The first challenge is the challenge of the disembodied classroom. In a hybrid or online teaching space, we see the ultimate erasure of the power systems written onto the body. An absent body cannot be read for race, for gender, for class, but losing our capacity to sense these power differences in the classroom does not mean that they are absent. A hidden body in an online space is not a body divorced from a lived world. It is not a body which has been protected from the imposition of power differences. For many reasons including the material cost and labour of attending an educational institution, we are looking into a future where students appear to be increasingly absent from material learning spaces, and pandemic-retained digital learning spaces. Even more than a traditional classroom, these spaces present opportunity to hierarchical learning systems. Unchallenged, they can be used to reinforce a model of the mind as separate from the body; for power-saturated knowledge systems to be presented as neutral transfer of facts; retreat from the body as a site of power, experience, and difference; an acceleration of “the erasure of the role of university settings as sites for the reproduction of a privileged class of values, of elitism” (2004:149). There is much work to be done to take collective ownership of these emerging spaces. How do we humanise and create transgressive educational spaces in the absence of the human body?  

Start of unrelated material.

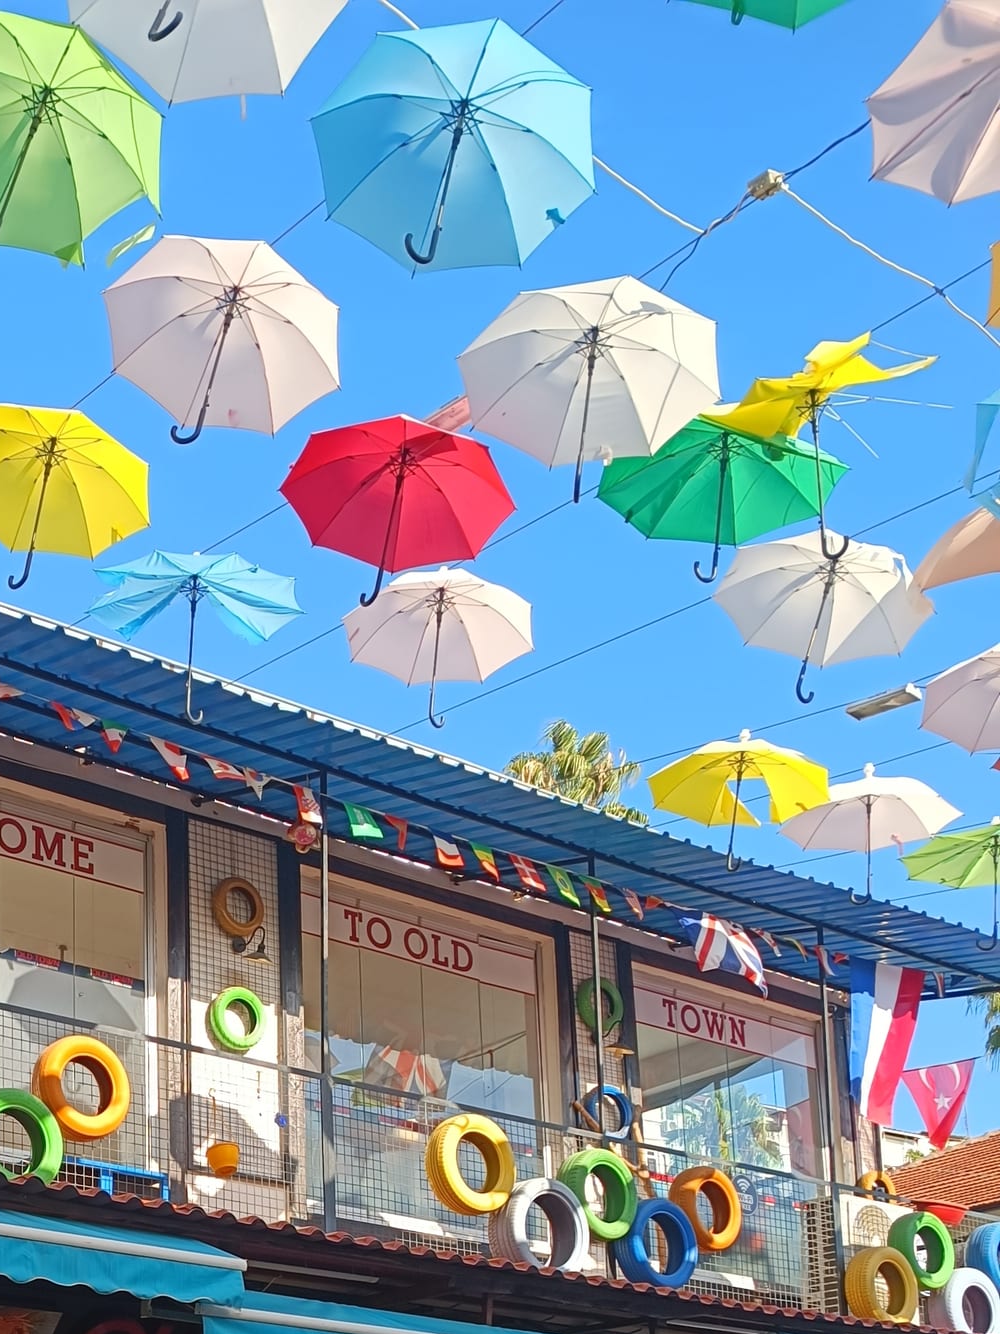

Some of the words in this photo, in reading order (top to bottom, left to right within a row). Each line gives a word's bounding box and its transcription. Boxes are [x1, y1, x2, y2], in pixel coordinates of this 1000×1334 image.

Secondly, in remembering and acknowledging the body in the classroom, we are presented with bodies not safe in the vacuum of sanctuary we like to imagine as the space education occupies, but bodies under siege. In the UK educational institutions are part of the terrain of the hostile environment, instructed to enforce borders through monitoring and reporting migrants and international students to the Home Office, through transmitting “British” values and implicit or explicitly the valueless-ness of non-Britishness, through complying with the Prevent strategy and thus imposing an embodied mistrust (a new beard, a hijab, a change of dress?) at complete odds with hooks’ vision of the emancipatory classroom.  

We are not neutral education transmitters but bodies in a much bigger struggle in which it is not merely a computer screen but a Home Office raid which can disappear a student or colleague into a detention centre and onto a deportation flight.

We fight for agency to critique these systems of violence against the body in our classrooms for ourselves and for our students, but community resistance to immigration raids in Glasgow, Peckham and other places demonstrate the capacity of educators to write out our critique with our bodies as well as our words by taking direct action.  

Maybe the key challenge in our search for how we take on hooks’ legacy of embodiment is rebuilding the connections to the embodied world being closed down by the reforming terrain of the education system. Through solidarity, through acknowledging the body outside of as well as within the walls of the institution, we can situate the emerging classroom as a lived space in a wider embodied community. In doing so, we can recognise the classroom not as a static hierarchical island but as part of a wider community subject to dehumanising border violence. To teach to transgress, hooks may be calling us to create the spaces to acknowledge and critique the body under siege, but maybe the wider challenge is to use our bodies as active participants in this struggle. 

Reference  

hooks, b., 1994. Teaching to transgress. London: Routledge.